At the present time there are many areas of the UK where no cell phone signal can be accessed. Such areas, on the one hand, represent nothing more than a failing of the 3G network - breaks in the infrastructure that will soon be rectified by the next wave of cell phone technology. But on the other, the dead zones are pockets of resistance, territories where the drive towards connectivity has yet to penetrate. In this light the zones take on a certain allure and seem to stand for everything we desire from the landscape. Only in the dead zone can we separate ourselves from the position of outsider and enter a world where language has no meaning. Once in the dead zone, however, communication is lost and the internal, assimilated experience cannot be represented. From outside, the landscape is configured as object of the subject’s gaze but within there is no spatial distance for this to be possible.

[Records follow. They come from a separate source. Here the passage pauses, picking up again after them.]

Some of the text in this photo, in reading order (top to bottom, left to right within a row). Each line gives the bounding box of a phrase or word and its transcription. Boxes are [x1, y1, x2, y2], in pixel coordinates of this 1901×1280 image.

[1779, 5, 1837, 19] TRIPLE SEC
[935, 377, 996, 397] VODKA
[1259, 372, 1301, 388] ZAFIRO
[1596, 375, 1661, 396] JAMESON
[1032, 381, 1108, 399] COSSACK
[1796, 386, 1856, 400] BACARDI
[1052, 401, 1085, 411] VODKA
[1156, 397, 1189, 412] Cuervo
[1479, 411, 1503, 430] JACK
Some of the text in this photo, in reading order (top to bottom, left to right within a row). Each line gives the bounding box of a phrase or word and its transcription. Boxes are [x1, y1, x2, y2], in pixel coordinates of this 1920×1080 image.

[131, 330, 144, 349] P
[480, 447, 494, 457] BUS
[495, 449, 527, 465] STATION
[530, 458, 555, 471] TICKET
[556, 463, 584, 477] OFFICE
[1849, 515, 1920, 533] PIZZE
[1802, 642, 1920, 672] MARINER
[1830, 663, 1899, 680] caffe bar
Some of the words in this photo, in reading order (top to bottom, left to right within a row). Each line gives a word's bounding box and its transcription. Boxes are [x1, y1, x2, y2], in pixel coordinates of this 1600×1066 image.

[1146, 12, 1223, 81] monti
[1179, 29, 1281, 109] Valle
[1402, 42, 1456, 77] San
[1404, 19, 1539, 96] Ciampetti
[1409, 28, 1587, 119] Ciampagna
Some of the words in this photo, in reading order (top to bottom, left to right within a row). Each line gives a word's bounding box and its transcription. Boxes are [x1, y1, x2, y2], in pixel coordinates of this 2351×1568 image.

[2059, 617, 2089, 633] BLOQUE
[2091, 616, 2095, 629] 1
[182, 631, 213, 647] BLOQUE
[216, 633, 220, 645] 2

In this project the 3G network is used to broadcast live from the edge of the dead zones. Battery packs are used to power a webcam and portable router, and a signal booster is used to maximise the 3G signal. At the edge of the dead zone signal strength is low and the broadcast reduced to less than one frame per second. During the broadcast, the webcam capture is made available via the link below - a slowly relayed live feed from the threshold of 3G technology. The examples included here are landscapes that, beyond the usable signal threshold, remain intact as ‘wilderness’ territories - zones of outsider space that conjure an idea of unmitigated nature.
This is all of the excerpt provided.